◆ Records provided:
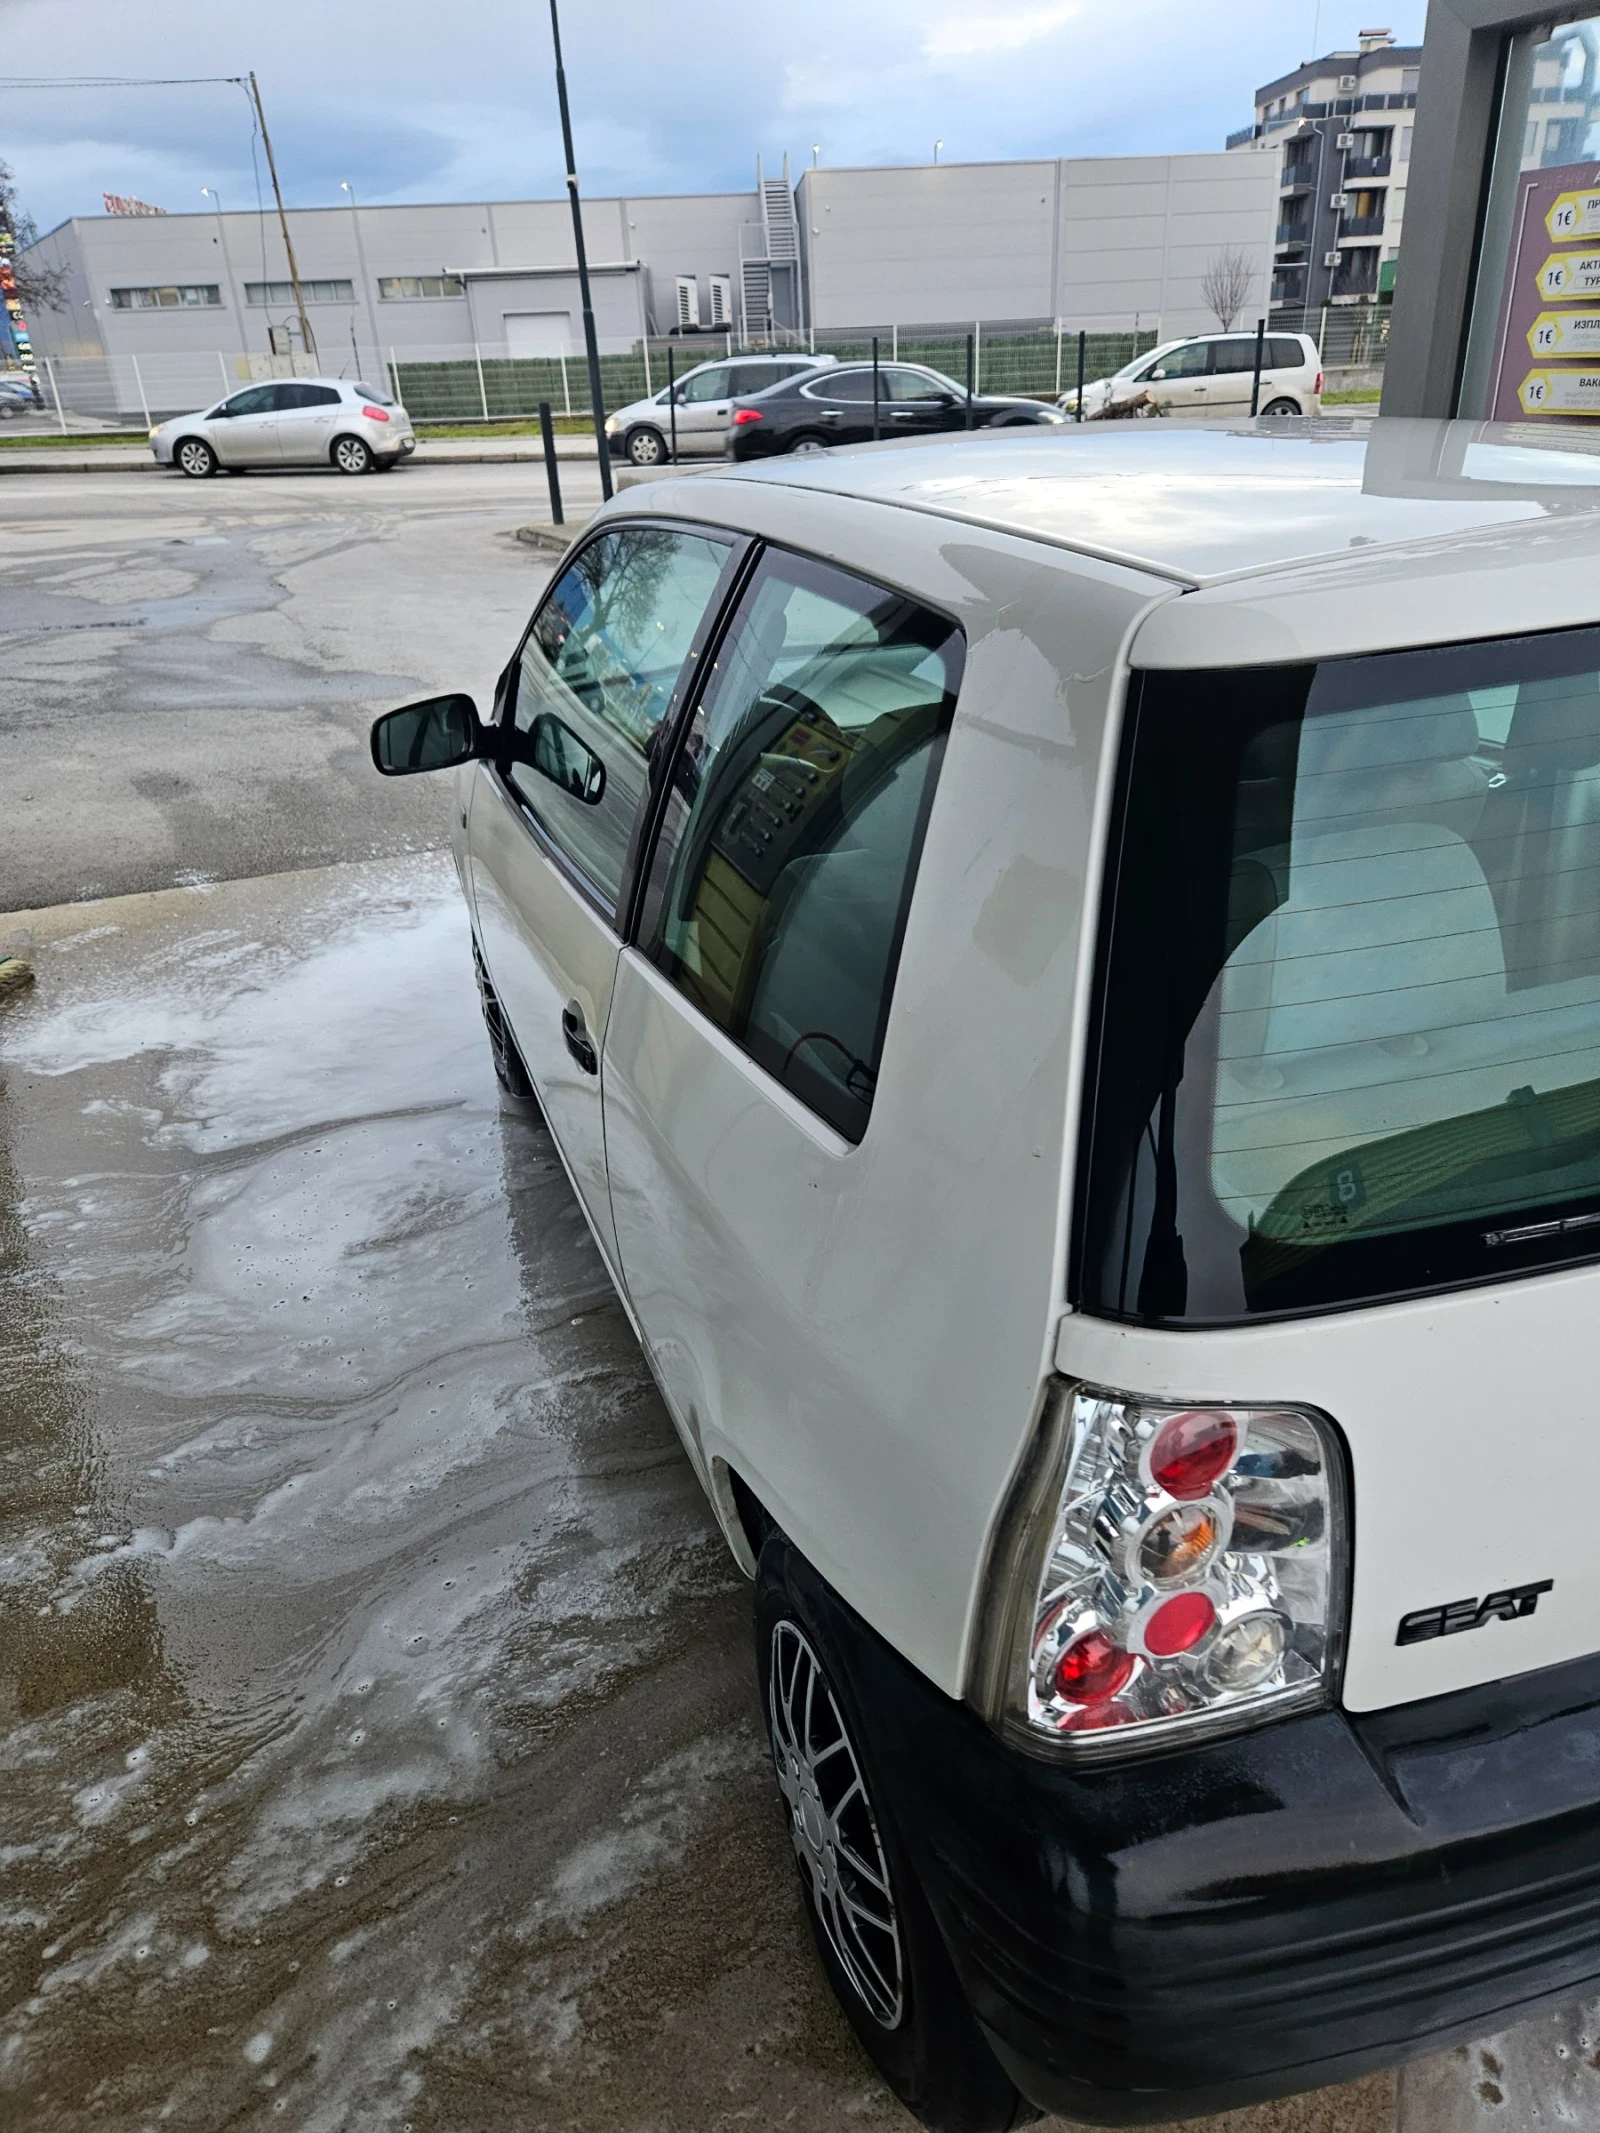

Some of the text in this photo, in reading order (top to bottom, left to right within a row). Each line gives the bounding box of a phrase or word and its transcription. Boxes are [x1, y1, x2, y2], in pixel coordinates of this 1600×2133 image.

[1557, 210, 1572, 226] 1€
[1579, 260, 1600, 270] АКТ
[1548, 271, 1563, 285] 1€
[1538, 329, 1553, 344] 1€
[1528, 386, 1543, 399] 1€
[1395, 1578, 1554, 1646] SEAT
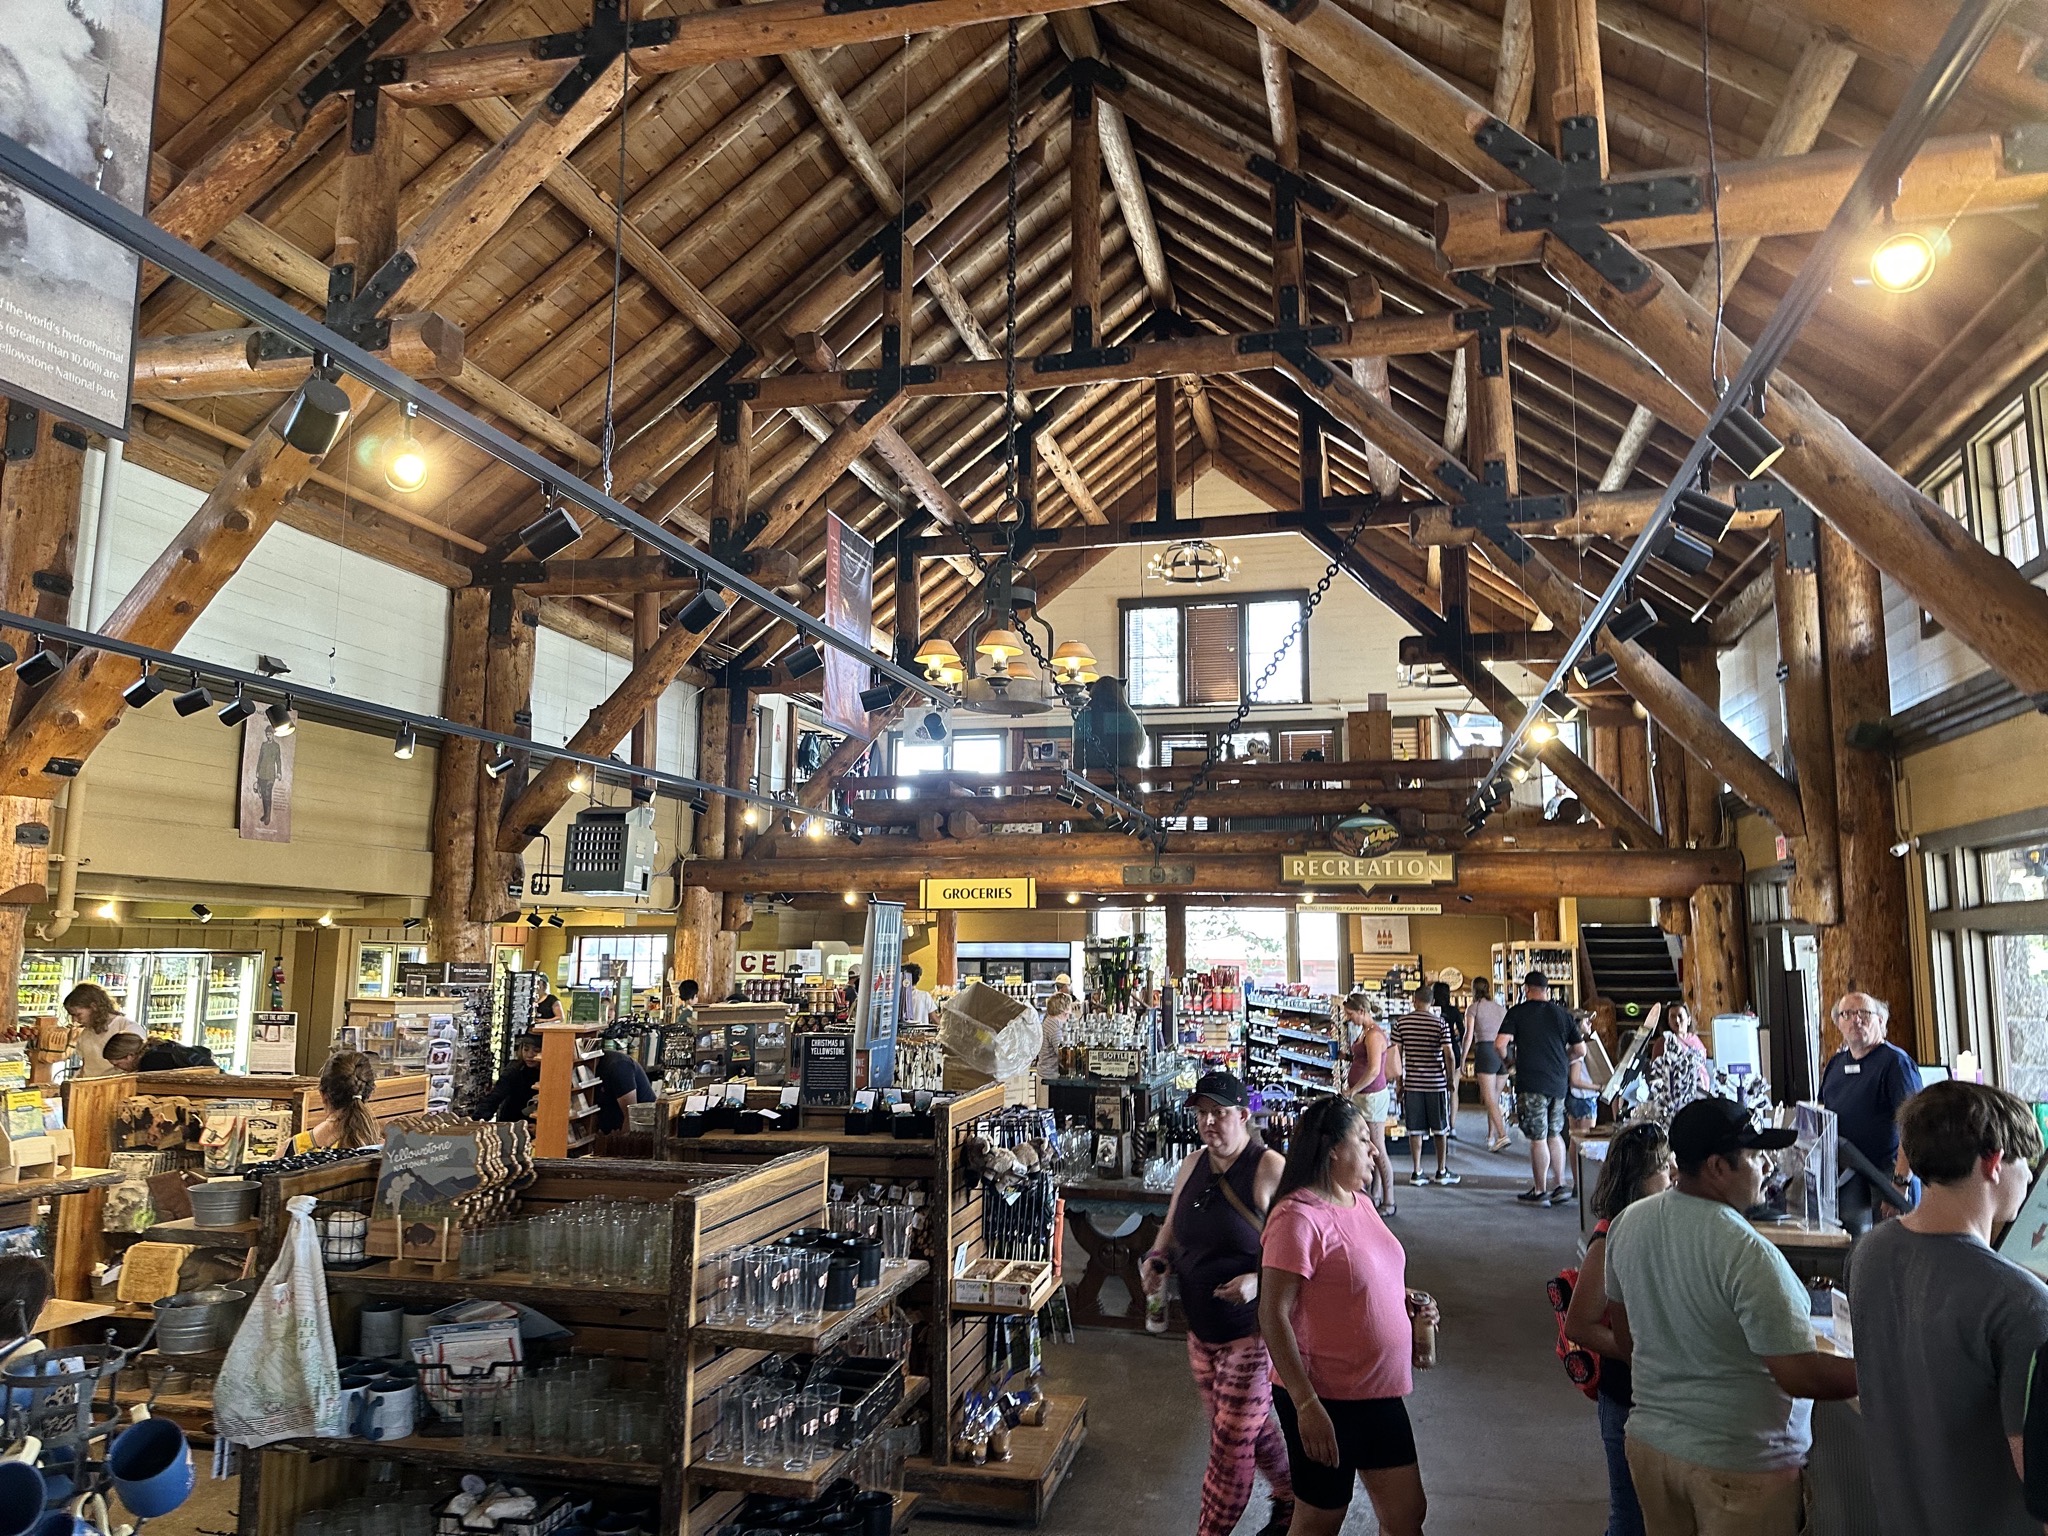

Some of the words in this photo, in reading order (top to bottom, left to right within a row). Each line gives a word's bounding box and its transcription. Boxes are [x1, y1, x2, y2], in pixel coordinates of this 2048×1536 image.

[6, 301, 23, 318] the
[24, 311, 61, 336] world's
[62, 327, 124, 364] hydrothermal
[5, 322, 46, 349] (greater
[47, 342, 69, 360] than
[70, 352, 103, 376] 10,000)
[103, 368, 120, 382] are
[0, 342, 54, 374] ellowstone
[55, 365, 96, 392] National
[96, 384, 119, 401] Park.
[1293, 859, 1443, 876] RECREATION
[943, 888, 1012, 899] GROCERIES
[740, 954, 777, 974] CE
[810, 1047, 845, 1056] YELLOWSTONE
[811, 1039, 838, 1047] CHRISTMAS
[839, 1039, 845, 1047] IN
[1103, 1051, 1128, 1060] BOTTLE
[386, 1140, 453, 1164] Yellowstone
[393, 1159, 428, 1172] NATIONAL
[430, 1153, 450, 1163] PARK

◆ To do: Except for the pictures, write the data out exactly.

◆ Completed task:
Some of the text in this photo, in reading order (top to bottom, left to right within a row). Each line gives the bounding box of a phrase or word and its transcription. Boxes are [x1, y1, x2, y2], in pixel coordinates of this 1600×2133 image.

[1557, 210, 1572, 226] 1€
[1579, 260, 1600, 270] АКТ
[1548, 271, 1563, 285] 1€
[1538, 329, 1553, 344] 1€
[1528, 386, 1543, 399] 1€
[1395, 1578, 1554, 1646] SEAT

Some of the words in this photo, in reading order (top to bottom, left to right within a row). Each line gives a word's bounding box and its transcription. Boxes are [x1, y1, x2, y2], in pixel coordinates of this 2048×1536 image.

[6, 301, 23, 318] the
[24, 311, 61, 336] world's
[62, 327, 124, 364] hydrothermal
[5, 322, 46, 349] (greater
[47, 342, 69, 360] than
[70, 352, 103, 376] 10,000)
[103, 368, 120, 382] are
[0, 342, 54, 374] ellowstone
[55, 365, 96, 392] National
[96, 384, 119, 401] Park.
[1293, 859, 1443, 876] RECREATION
[943, 888, 1012, 899] GROCERIES
[740, 954, 777, 974] CE
[810, 1047, 845, 1056] YELLOWSTONE
[811, 1039, 838, 1047] CHRISTMAS
[839, 1039, 845, 1047] IN
[1103, 1051, 1128, 1060] BOTTLE
[386, 1140, 453, 1164] Yellowstone
[393, 1159, 428, 1172] NATIONAL
[430, 1153, 450, 1163] PARK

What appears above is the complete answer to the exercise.